(TASK ITEM) Give back each record precisely, pictures excluded.

-----

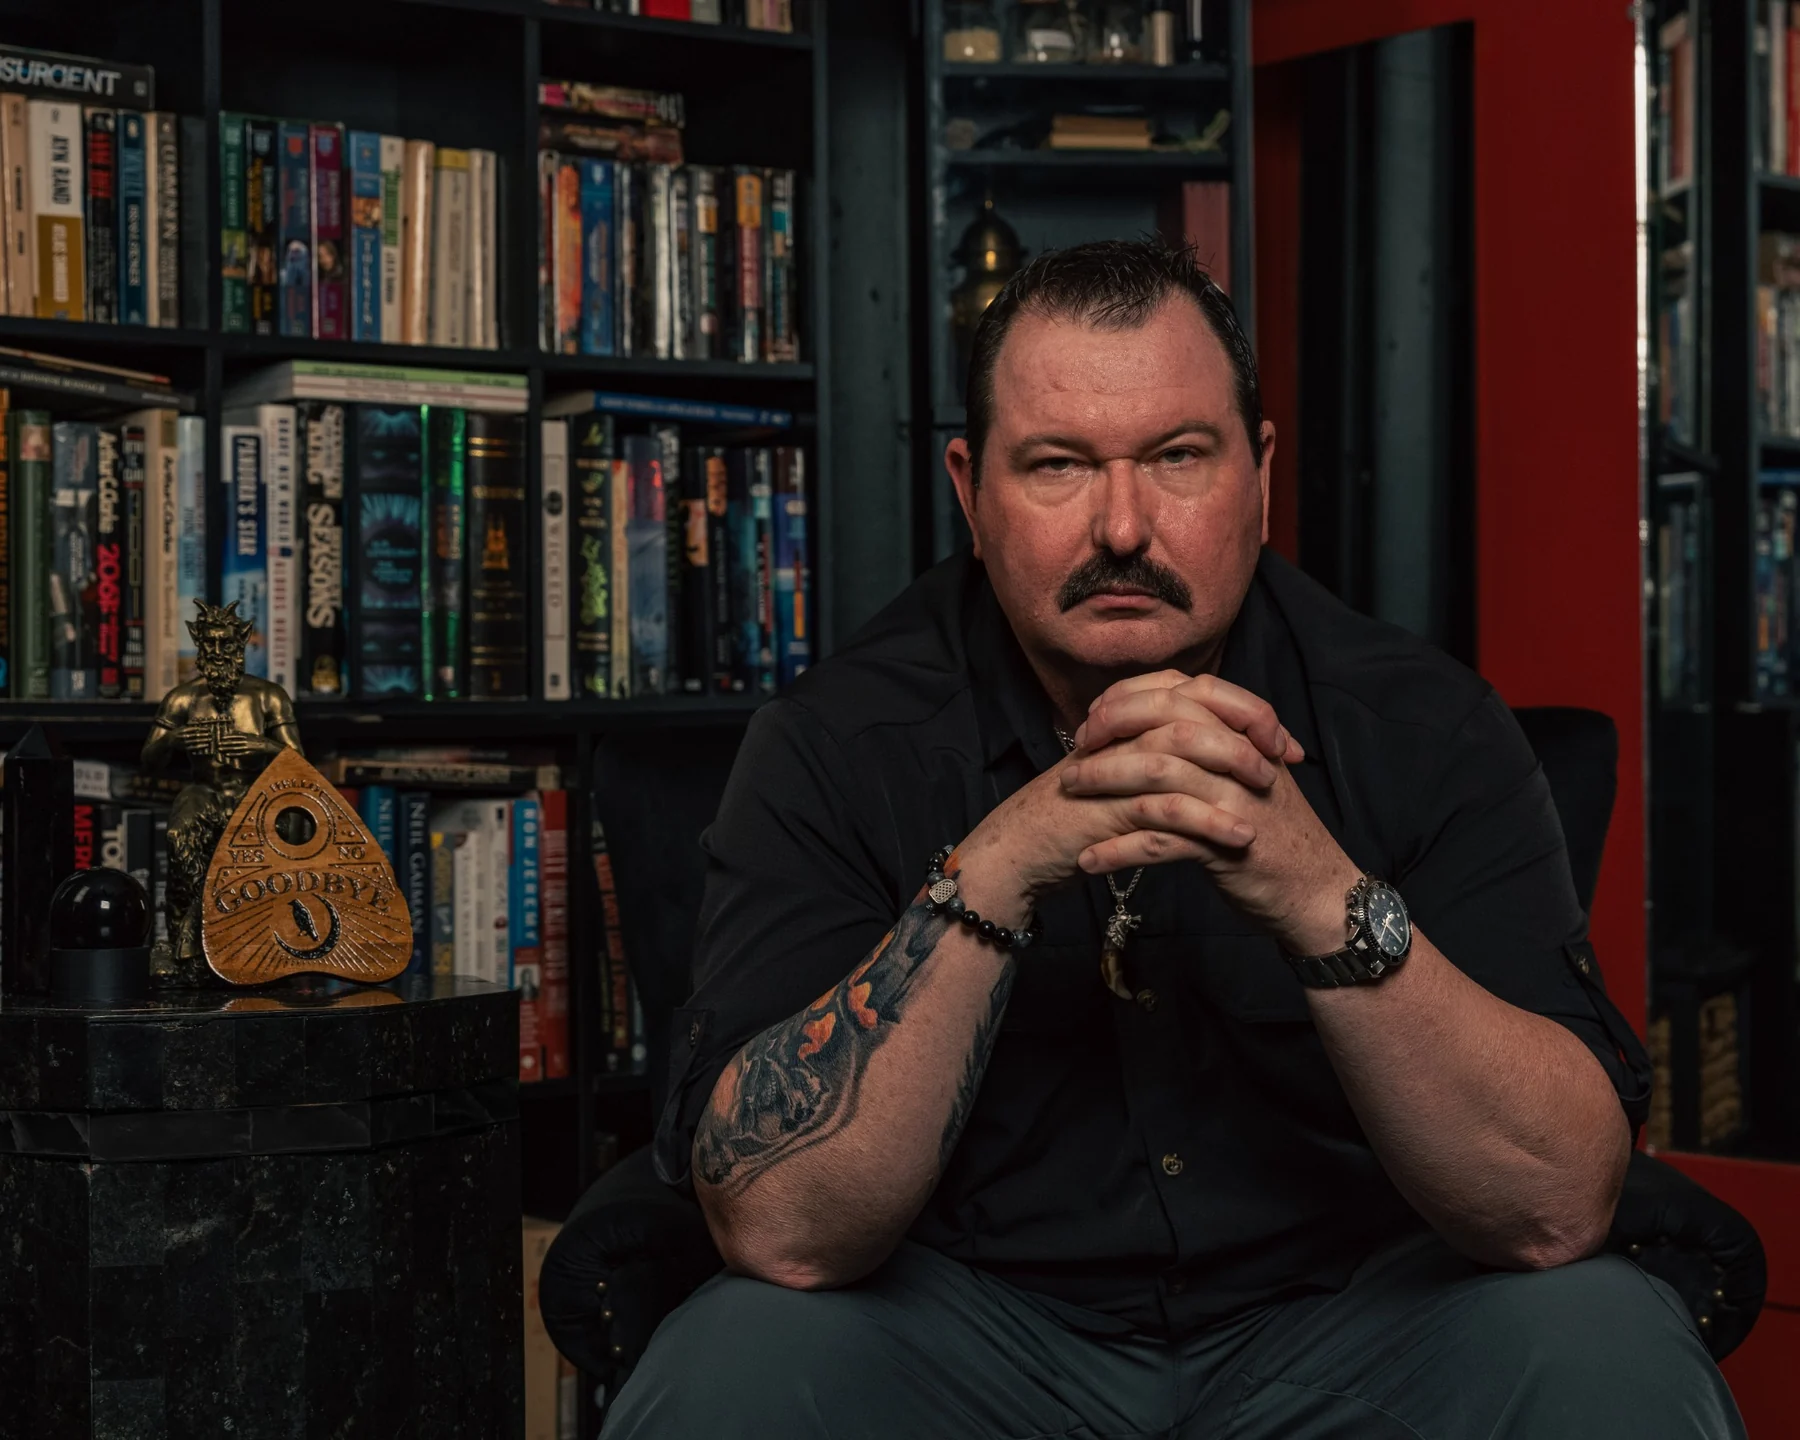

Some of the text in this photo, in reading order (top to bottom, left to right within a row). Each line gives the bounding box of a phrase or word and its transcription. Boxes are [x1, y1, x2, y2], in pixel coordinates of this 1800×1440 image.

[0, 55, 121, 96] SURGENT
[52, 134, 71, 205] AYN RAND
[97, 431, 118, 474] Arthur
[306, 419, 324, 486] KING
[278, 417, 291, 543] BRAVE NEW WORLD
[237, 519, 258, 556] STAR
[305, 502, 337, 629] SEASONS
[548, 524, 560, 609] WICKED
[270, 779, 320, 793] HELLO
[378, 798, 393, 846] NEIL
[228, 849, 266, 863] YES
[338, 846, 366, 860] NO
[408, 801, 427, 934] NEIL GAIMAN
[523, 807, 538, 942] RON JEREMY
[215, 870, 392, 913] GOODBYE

-----

(SOLUTION BELOW)
Some of the text in this photo, in reading order (top to bottom, left to right within a row). Each line gives the bounding box of a phrase or word and its transcription. Boxes are [x1, y1, x2, y2], in pixel coordinates of this 1800×1440 image.

[0, 55, 121, 96] SURGENT
[52, 134, 71, 205] AYN RAND
[97, 431, 118, 474] Arthur
[306, 419, 324, 486] KING
[278, 417, 291, 543] BRAVE NEW WORLD
[237, 519, 258, 556] STAR
[305, 502, 337, 629] SEASONS
[548, 524, 560, 609] WICKED
[270, 779, 320, 793] HELLO
[378, 798, 393, 846] NEIL
[228, 849, 266, 863] YES
[338, 846, 366, 860] NO
[408, 801, 427, 934] NEIL GAIMAN
[523, 807, 538, 942] RON JEREMY
[215, 870, 392, 913] GOODBYE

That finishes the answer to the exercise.